This study demonstrated a higher prevalence of thrombocytopenia in malaria-positive than in malaria-negative patients. This is consistent with findings of previous studies.[1],[2],[3],[4],[5] The prevalence of thrombocytopenia found in among patients with uncomplicated acute malaria infection in this study is similar to 13.75% reported from Port-Harcourt, South-southern Nigeria.[20] However, it is lower than 59.7% from another report from Lagos[21] South-western Nigeria, but higher than 5.0% reported in children from Uyo,[22] South-southern Nigeria. The likely reasons for this wide disparity in the prevalence of thrombocytopenia in malaria in an endemic area are likely the differences in the techniques used for PLTs and the use of different cut-off values for thrombocytopenia by the different authors. For example, while the present study used automated cell counting and 115 × 109/L cut-off for thrombocytopenia, the study from Uyo[22] used 100 × 109/L as cut-off, while the one from Lagos[21] used both 150 × 109/L cut-off and manual method for blood cell counts.

Mechanisms leading to thrombocytopenia in malaria have been well established in the literature. Its prognostic significance and the link with poor outcome have also been recognised. Increasing evidence also suggest that platelets play a protective role in the host during erythrocytic infection by malarial parasites.[23],[24],[25] This protection has now been shown to be part of innate immunity and is mediated by platelet factor 4.[23],[26] A prospective study from Mangalore, India, reported by Faseela et al.,[27] found thrombocytopenia to have a sensitivity of 83% and a specificity of 68% in predicting malarial infection in patients with brief febrile illness in a malaria endemic region. The mean PLT in this study was also found to be numerically lower in malaria-positive patients than malaria-negative ones, even though this difference did not reach statistical significance. Lower PLTs is an expected finding given the known mechanisms of platelet destruction in malaria.

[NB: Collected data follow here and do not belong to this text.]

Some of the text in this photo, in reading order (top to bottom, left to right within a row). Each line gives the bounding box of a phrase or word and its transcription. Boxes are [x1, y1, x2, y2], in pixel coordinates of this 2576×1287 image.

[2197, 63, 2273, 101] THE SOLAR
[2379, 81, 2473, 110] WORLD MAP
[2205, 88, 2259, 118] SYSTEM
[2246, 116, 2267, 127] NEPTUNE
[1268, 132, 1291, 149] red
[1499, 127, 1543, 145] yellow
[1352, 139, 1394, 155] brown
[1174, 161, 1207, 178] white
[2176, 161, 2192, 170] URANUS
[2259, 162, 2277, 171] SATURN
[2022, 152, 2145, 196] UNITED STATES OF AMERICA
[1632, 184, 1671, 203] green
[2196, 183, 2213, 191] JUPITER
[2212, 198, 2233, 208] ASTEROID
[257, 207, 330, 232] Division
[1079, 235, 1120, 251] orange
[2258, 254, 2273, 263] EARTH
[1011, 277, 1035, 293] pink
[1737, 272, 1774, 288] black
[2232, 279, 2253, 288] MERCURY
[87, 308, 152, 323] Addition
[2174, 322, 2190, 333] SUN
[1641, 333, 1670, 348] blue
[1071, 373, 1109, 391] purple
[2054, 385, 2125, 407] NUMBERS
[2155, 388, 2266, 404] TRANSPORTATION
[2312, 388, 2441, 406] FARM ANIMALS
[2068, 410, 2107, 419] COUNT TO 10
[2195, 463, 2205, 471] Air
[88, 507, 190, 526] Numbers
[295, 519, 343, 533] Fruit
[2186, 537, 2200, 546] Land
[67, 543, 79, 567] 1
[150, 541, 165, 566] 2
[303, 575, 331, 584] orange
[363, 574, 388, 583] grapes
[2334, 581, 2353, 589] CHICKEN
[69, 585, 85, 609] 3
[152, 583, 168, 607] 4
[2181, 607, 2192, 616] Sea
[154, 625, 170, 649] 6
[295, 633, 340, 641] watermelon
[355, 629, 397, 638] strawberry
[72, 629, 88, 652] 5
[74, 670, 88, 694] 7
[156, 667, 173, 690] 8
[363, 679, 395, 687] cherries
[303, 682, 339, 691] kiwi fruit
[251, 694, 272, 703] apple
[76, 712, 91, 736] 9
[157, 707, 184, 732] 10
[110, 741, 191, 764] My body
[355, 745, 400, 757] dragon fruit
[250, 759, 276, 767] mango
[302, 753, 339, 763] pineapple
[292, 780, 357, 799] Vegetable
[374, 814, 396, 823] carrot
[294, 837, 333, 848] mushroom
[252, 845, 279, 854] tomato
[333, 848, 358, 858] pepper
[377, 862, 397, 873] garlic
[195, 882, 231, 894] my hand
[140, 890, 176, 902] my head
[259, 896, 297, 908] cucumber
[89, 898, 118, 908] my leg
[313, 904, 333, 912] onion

The advent of automated blood cell counting technologies has led to the generation of platelet indices that have proved to be useful in predicting the potential mechanism(s) of thrombocytopenia in the clinical setting. PCT, akin to haematocrit in red blood cells, is a platelet index that reflects overall platelet biomass. In this study, the mean PCT was higher in malaria-negative than in malaria-positive group, although this difference was not statistically significant. Typically, PCT parallels PLT as seen in this study, although it is a function of both PLT and MPV.[12]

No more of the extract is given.